An image of the binary system WR 140, captured by the NASA/ESA/CSA James Webb Space Telescope in July 2022, has baffled astronomers worldwide — even triggering a speculation that it might be evidence of an alien megastructure. But in two new studies, astronomers explain that the 17 concentric rings around WR 140 are actually a series of dust shells created by the interaction between a pair of hot stars.
This Webb/MIRI image shows the binary system WR 140; eight symmetric diffraction spikes are seen around the saturated core of WR 140 that exhibit bluer colors than the dust emission. Image credit: Lau et al., doi: 10.1038/s41550-022-01812-x.
WR 140 is a binary system located approximately 6,065 light-years away in the constellation of Cygnus.
Also known as HD 193793, HIC 100287 or IRAS 20187+4341, the system is comprised of a huge Wolf-Rayet star and an even bigger blue supergiant star, gravitationally bound in a 7.93-year orbit.
WR 140 episodically puffs out plumes of dust stretching thousands of times the distance from the Earth to the Sun.
These dust plumes, produced every eight years, give astronomers an unique opportunity to observe how starlight can affect matter.
“Like clockwork, WR 140 puffs out a sculpted smoke ring every eight years, which is then inflated in the stellar wind like a balloon,” said Professor Peter Tuthill, an astronomer in the Sydney Institute for Astronomy at the University of Sydney.
“Eight years later, as the binary returns in its orbit, another ring appears, the same as the one before, streaming out into space inside the bubble of the previous one.”
Because the two stars are in elliptical rather than circular orbits, dust production turns on and off as WR 140’s binary companion nears and then departs the point of closest approach.
Based on data collected with other telescopes since 2006, Professor Tuthill and colleagues created a 3D model of the dust plume’s geometry. That model turned out to perfectly explain the bizarre results obtained by Webb in July 2022.
What’s more, the astronomers showed direct evidence of intense starlight driving into matter and accelerating it, after tracking titanic plumes of dust generated by the violent interactions between two colossal stars over 16 years.
It’s known that starlight carries momentum, exerting a push on matter known as ‘radiation pressure.’
Astronomers often see the aftermath of this in the form of matter coasting at high speed around the cosmos, but have never caught the process in the act.
Direct observation of acceleration due to forces other than gravity is rarely witnessed, and never in a stellar environment like this.
“It’s hard to see starlight causing acceleration because the force fades with distance, and other forces quickly take over,” said Dr. Yinuo Han, an astronomer in the Institute of Astronomy at the University of Cambridge.

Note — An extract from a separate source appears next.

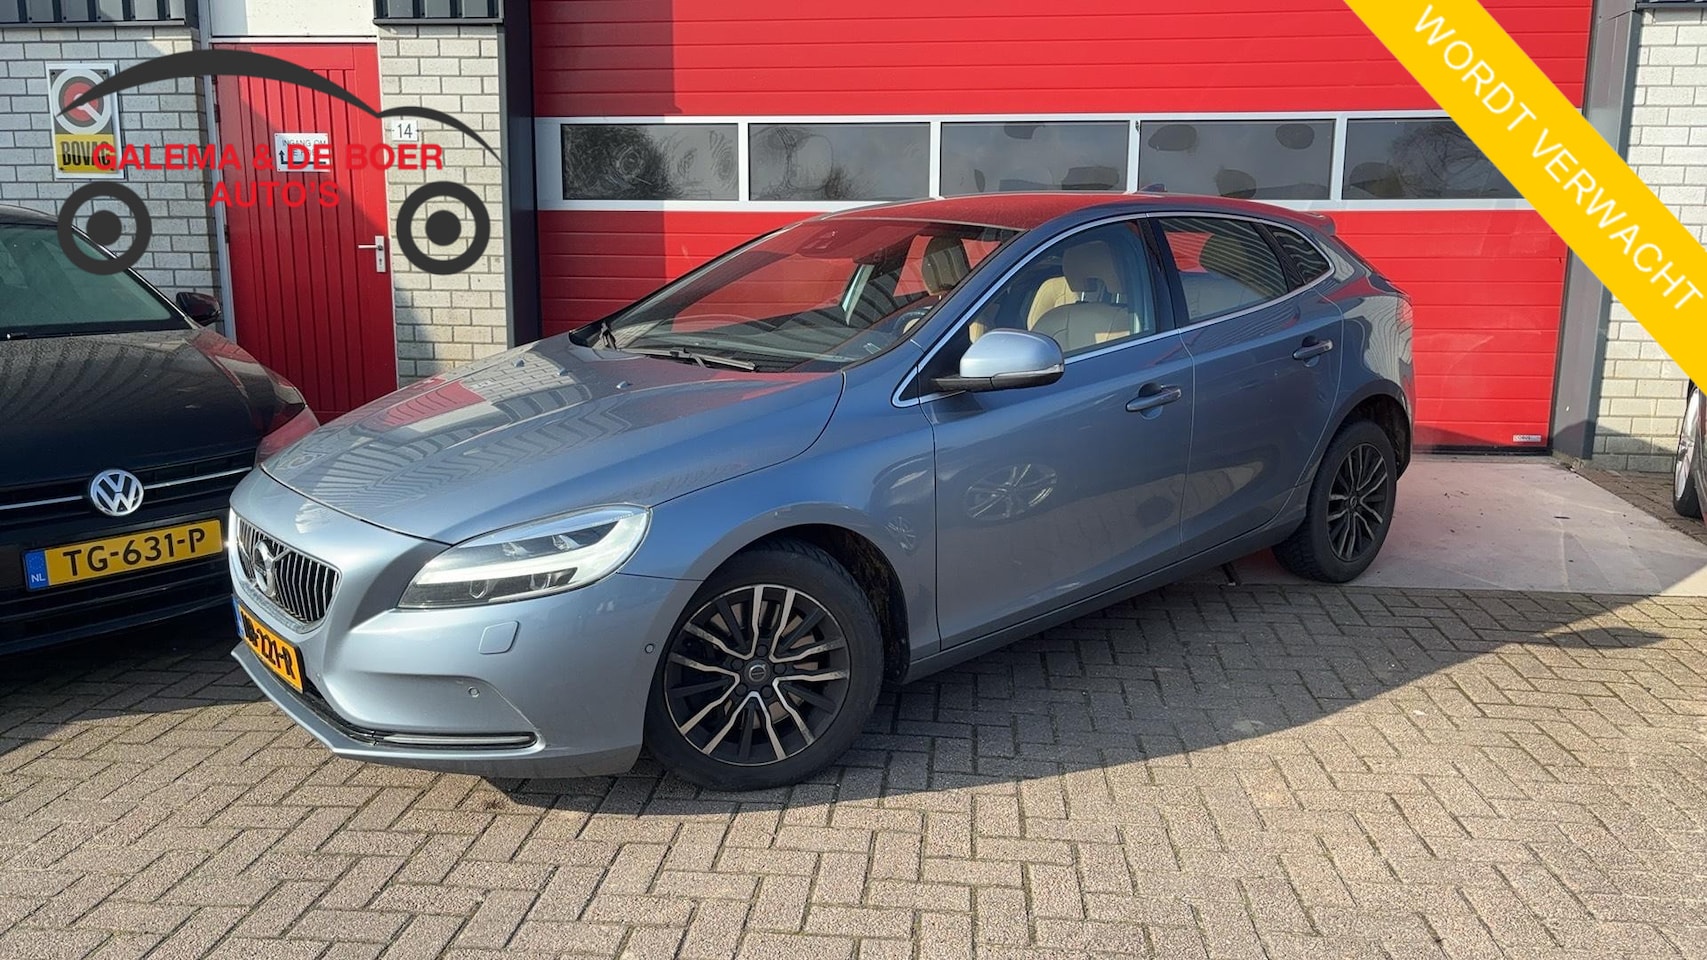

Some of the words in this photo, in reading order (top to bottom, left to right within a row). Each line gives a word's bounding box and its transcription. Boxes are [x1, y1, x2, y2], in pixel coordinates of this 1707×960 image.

[397, 123, 413, 138] 14
[31, 572, 46, 583] NL
[63, 528, 206, 576] TG-631-P

“To witness acceleration at the level that it becomes measurable, the material needs to be reasonably close to the star or the source of the radiation pressure needs to be extra strong.”
“WR 140 is a binary star whose ferocious radiation field supercharges these effects, placing them within reach of our high-precision data.”

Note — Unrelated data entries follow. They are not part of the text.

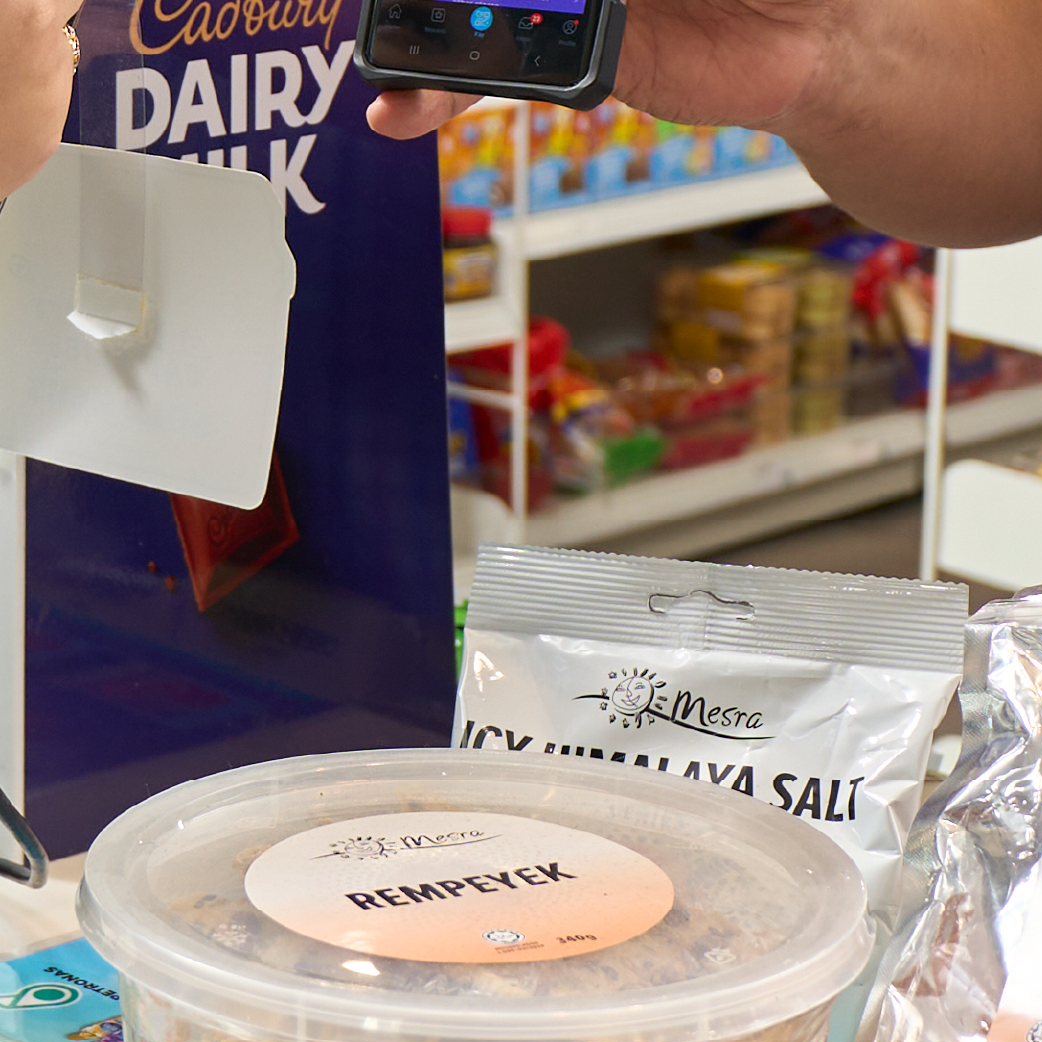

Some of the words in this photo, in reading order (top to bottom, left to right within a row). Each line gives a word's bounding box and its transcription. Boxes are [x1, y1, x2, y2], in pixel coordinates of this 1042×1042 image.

[129, 0, 342, 55] Cadbury
[116, 40, 356, 150] DAIRY
[669, 690, 764, 729] Mesra
[769, 772, 865, 822] SALT
[400, 827, 485, 850] Mesra
[345, 862, 579, 911] REMPEYEK
[44, 965, 120, 1002] PETRONAS

The authors discovered that the dust does not stream out from the star with the wind forming a hazy ball, as had been thought.
Instead, the dust condenses adjacent to where the winds from the two stars collide, on the surface of a cone-shaped shock front between them.
Because the orbiting binary star is in constant motion, the shock front also rotates.
The sooty plume gets wrapped into a spiral, in the same way that droplets form a spiral in a garden sprinkler.
“In the absence of external forces, each dust spiral should expand at a constant speed,” Dr. Han said.
“We were puzzled at first because we could not get our model to fit the observations until we finally realized that we were seeing something new.”
“The data did not fit because the expansion speed wasn’t constant, but rather that it was accelerating. We’d caught that for the first time on camera.”
Once they added the acceleration of dust by starlight into their 3D model of the WR 140 binary, it explained their observational data perfectly.
And also ended up explaining the strange concentric rings later spotted with Webb.
“In one sense, we always knew this must be the reason for the outflow, but I never dreamed we’d be able to see the physics at work like this,” Professor Tuthill said.
“When I look at the data now, I see WR 140’s plume unfurling a like giant sail made of dust. When it catches the photon wind streaming from the star, like a yacht catching a gust, it makes a sudden leap forward.”